Trojan viruses were used to install phony ad software on millions of computers. Image: Flickr / max_trudolubov / CC-BY
In federal courts, a group of six Estonians and one Russian have been indicted for a massive click fraud scheme. The group used a virus to send illegitimate traffic to websites running affiliate advertisements.
The click fraud scheme
The scheme for which these seven people have been indicted was based on pay-per-click advertising. The fraudsters installed a rootkit trojan on millions of computers. The rootkit replaced the legitimate advertisements on popular websites with other ads. The rootkit also redesigned search results pages and sent web traffic to advertiser’s pages rather than the one the individual intended to visit.

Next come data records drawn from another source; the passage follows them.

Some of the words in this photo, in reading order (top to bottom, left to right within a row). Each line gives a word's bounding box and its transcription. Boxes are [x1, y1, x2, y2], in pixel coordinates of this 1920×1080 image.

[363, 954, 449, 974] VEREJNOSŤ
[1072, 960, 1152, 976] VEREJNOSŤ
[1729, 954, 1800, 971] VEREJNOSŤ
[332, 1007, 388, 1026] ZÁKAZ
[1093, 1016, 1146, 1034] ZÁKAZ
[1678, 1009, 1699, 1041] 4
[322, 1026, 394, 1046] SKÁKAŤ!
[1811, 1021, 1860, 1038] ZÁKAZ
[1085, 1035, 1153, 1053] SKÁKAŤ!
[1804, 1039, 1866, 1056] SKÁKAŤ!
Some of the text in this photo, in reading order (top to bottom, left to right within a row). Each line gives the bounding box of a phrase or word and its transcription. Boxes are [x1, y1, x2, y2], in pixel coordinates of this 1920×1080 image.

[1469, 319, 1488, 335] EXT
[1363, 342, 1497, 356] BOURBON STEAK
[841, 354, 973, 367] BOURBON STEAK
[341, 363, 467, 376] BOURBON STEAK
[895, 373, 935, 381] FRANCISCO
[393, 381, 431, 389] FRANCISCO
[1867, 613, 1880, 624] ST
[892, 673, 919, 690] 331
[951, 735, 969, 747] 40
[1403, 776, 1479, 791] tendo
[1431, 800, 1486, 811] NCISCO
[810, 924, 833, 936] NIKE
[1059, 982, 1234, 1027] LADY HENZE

How click fraud created money
Between 2007 and October 2011, the defrauders made several million dollars with their advertising agency. They set up an online advertising agency where they were paid on a pay-per-click basis. The advertisers who signed on with the agency presumably did not realize that that they were paying for fraudulent web traffic and advertising clicks. The FBI estimates that the seven defendants brought in $14 million in advertising revenue.
The crimes of click fraud
The affiliate click fraud scheme is estimated to have infected at least 4 million computers in the United States. The fraudsters have been charged with 27 individual crimes, including several counts of wire fraud and computer intrusion each. If convicted, the ill-gotten gains must be paid back to the advertisers, and the seven individuals could face a few years in jail, as well as deportation.

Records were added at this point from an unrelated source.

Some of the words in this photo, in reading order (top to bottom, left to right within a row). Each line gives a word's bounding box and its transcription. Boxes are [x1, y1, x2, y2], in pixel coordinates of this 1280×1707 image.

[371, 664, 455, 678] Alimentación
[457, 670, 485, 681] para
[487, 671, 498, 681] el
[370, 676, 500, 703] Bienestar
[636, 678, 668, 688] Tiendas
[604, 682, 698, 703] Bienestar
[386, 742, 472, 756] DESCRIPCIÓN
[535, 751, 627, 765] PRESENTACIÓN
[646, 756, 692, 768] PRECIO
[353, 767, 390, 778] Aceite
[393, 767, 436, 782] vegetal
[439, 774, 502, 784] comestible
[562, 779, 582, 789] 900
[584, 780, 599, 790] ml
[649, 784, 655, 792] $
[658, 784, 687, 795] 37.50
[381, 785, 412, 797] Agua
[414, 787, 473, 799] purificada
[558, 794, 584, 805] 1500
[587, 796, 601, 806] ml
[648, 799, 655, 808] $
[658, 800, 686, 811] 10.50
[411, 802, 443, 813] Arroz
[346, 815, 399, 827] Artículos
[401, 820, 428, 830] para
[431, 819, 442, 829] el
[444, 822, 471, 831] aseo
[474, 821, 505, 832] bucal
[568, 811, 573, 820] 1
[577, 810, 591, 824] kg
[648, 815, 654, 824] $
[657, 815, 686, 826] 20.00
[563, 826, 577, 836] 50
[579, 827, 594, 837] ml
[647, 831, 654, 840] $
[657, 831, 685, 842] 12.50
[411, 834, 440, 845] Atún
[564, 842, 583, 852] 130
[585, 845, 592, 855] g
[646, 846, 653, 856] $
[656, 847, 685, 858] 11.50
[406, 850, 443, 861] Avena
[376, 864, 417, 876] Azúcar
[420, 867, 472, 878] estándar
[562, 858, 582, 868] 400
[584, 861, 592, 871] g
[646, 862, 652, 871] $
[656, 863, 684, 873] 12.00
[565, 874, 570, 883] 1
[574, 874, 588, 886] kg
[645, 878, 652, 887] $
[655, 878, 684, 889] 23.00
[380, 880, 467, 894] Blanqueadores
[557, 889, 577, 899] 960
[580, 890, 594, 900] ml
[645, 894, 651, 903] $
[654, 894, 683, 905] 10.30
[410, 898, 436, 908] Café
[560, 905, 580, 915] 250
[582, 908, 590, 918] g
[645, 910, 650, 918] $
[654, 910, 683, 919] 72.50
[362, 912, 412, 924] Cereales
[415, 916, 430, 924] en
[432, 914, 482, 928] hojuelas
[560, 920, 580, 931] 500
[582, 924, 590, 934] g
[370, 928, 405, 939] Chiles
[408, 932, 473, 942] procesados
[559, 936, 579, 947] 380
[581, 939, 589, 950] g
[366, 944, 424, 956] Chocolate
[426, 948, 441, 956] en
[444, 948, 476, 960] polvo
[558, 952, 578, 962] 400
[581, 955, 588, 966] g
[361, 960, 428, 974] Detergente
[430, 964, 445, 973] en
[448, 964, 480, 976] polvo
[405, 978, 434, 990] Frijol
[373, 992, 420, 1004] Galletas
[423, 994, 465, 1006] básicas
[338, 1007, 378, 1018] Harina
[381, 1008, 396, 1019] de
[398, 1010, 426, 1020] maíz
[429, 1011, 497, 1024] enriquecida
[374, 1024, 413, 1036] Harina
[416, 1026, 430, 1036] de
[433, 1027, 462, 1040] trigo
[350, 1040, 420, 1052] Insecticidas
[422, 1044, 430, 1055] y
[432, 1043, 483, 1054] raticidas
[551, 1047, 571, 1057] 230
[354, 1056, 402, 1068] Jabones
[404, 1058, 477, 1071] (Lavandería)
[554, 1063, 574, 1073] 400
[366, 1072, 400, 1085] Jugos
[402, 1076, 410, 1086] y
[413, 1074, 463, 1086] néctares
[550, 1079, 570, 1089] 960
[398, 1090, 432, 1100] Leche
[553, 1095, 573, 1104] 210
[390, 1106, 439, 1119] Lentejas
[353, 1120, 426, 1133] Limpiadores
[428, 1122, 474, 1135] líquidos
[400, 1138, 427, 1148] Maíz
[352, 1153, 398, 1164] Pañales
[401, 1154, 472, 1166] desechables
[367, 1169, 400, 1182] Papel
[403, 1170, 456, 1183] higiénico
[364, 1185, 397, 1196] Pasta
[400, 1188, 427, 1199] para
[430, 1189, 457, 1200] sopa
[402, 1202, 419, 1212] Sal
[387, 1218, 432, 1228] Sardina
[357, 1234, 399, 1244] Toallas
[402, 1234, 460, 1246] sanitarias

Getting away with black hat
For affiliate advertisers, these crimes can be especially frustrating. Affiliate advertising has a bad name in some circles because of the actions of affiliates who utilize fraudulent, misguided or illegal methods to garner conversions. Legal prosecution for many of these actions can be minimal because the unethical affiliates, especially the ones operating on a small scale, can be very tough to track down. In many situations, the law simply cannot keep up. When fraud is caught and prosecuted, it is generally large-scale fraud.